TRY IT:
Go through the data underneath and copy every line exactly.

________________________________________

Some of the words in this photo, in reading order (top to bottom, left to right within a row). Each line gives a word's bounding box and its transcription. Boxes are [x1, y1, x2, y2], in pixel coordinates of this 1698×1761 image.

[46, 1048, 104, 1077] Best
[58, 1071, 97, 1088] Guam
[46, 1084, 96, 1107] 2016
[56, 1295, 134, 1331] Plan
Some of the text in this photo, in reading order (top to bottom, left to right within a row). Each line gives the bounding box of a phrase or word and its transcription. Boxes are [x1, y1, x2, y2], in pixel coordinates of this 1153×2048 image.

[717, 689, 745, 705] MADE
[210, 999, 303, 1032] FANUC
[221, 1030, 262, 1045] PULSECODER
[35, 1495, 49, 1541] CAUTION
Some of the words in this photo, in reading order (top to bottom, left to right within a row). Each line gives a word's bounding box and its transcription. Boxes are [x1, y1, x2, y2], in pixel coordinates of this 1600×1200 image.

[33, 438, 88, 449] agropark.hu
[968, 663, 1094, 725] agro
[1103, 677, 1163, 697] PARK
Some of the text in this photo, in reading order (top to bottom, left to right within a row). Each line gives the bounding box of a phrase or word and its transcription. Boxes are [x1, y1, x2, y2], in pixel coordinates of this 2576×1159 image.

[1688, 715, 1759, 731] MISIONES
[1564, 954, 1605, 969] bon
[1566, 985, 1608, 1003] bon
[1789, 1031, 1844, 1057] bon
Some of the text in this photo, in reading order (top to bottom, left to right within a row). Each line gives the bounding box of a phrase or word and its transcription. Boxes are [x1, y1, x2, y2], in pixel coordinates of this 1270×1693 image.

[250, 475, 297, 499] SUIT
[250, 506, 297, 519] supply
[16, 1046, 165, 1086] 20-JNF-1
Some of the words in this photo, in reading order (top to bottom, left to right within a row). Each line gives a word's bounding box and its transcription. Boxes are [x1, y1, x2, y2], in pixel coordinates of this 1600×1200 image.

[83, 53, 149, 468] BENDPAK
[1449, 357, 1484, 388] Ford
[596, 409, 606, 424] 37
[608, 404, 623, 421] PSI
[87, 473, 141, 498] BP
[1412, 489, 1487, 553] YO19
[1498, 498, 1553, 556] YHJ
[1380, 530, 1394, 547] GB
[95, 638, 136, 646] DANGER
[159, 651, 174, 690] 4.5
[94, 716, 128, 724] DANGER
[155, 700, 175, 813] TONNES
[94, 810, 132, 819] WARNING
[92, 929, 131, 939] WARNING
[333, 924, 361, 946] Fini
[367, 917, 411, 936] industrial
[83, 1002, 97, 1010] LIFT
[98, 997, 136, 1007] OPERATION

________________________________________

EXERCISE OUTPUT:
Some of the words in this photo, in reading order (top to bottom, left to right within a row). Each line gives a word's bounding box and its transcription. Boxes are [x1, y1, x2, y2], in pixel coordinates of this 1698×1761 image.

[46, 1048, 104, 1077] Best
[58, 1071, 97, 1088] Guam
[46, 1084, 96, 1107] 2016
[56, 1295, 134, 1331] Plan
Some of the text in this photo, in reading order (top to bottom, left to right within a row). Each line gives the bounding box of a phrase or word and its transcription. Boxes are [x1, y1, x2, y2], in pixel coordinates of this 1153×2048 image.

[717, 689, 745, 705] MADE
[210, 999, 303, 1032] FANUC
[221, 1030, 262, 1045] PULSECODER
[35, 1495, 49, 1541] CAUTION
Some of the words in this photo, in reading order (top to bottom, left to right within a row). Each line gives a word's bounding box and its transcription. Boxes are [x1, y1, x2, y2], in pixel coordinates of this 1600×1200 image.

[33, 438, 88, 449] agropark.hu
[968, 663, 1094, 725] agro
[1103, 677, 1163, 697] PARK
Some of the text in this photo, in reading order (top to bottom, left to right within a row). Each line gives the bounding box of a phrase or word and its transcription. Boxes are [x1, y1, x2, y2], in pixel coordinates of this 2576×1159 image.

[1688, 715, 1759, 731] MISIONES
[1564, 954, 1605, 969] bon
[1566, 985, 1608, 1003] bon
[1789, 1031, 1844, 1057] bon
Some of the text in this photo, in reading order (top to bottom, left to right within a row). Each line gives the bounding box of a phrase or word and its transcription. Boxes are [x1, y1, x2, y2], in pixel coordinates of this 1270×1693 image.

[250, 475, 297, 499] SUIT
[250, 506, 297, 519] supply
[16, 1046, 165, 1086] 20-JNF-1
Some of the words in this photo, in reading order (top to bottom, left to right within a row). Each line gives a word's bounding box and its transcription. Boxes are [x1, y1, x2, y2], in pixel coordinates of this 1600×1200 image.

[83, 53, 149, 468] BENDPAK
[1449, 357, 1484, 388] Ford
[596, 409, 606, 424] 37
[608, 404, 623, 421] PSI
[87, 473, 141, 498] BP
[1412, 489, 1487, 553] YO19
[1498, 498, 1553, 556] YHJ
[1380, 530, 1394, 547] GB
[95, 638, 136, 646] DANGER
[159, 651, 174, 690] 4.5
[94, 716, 128, 724] DANGER
[155, 700, 175, 813] TONNES
[94, 810, 132, 819] WARNING
[92, 929, 131, 939] WARNING
[333, 924, 361, 946] Fini
[367, 917, 411, 936] industrial
[83, 1002, 97, 1010] LIFT
[98, 997, 136, 1007] OPERATION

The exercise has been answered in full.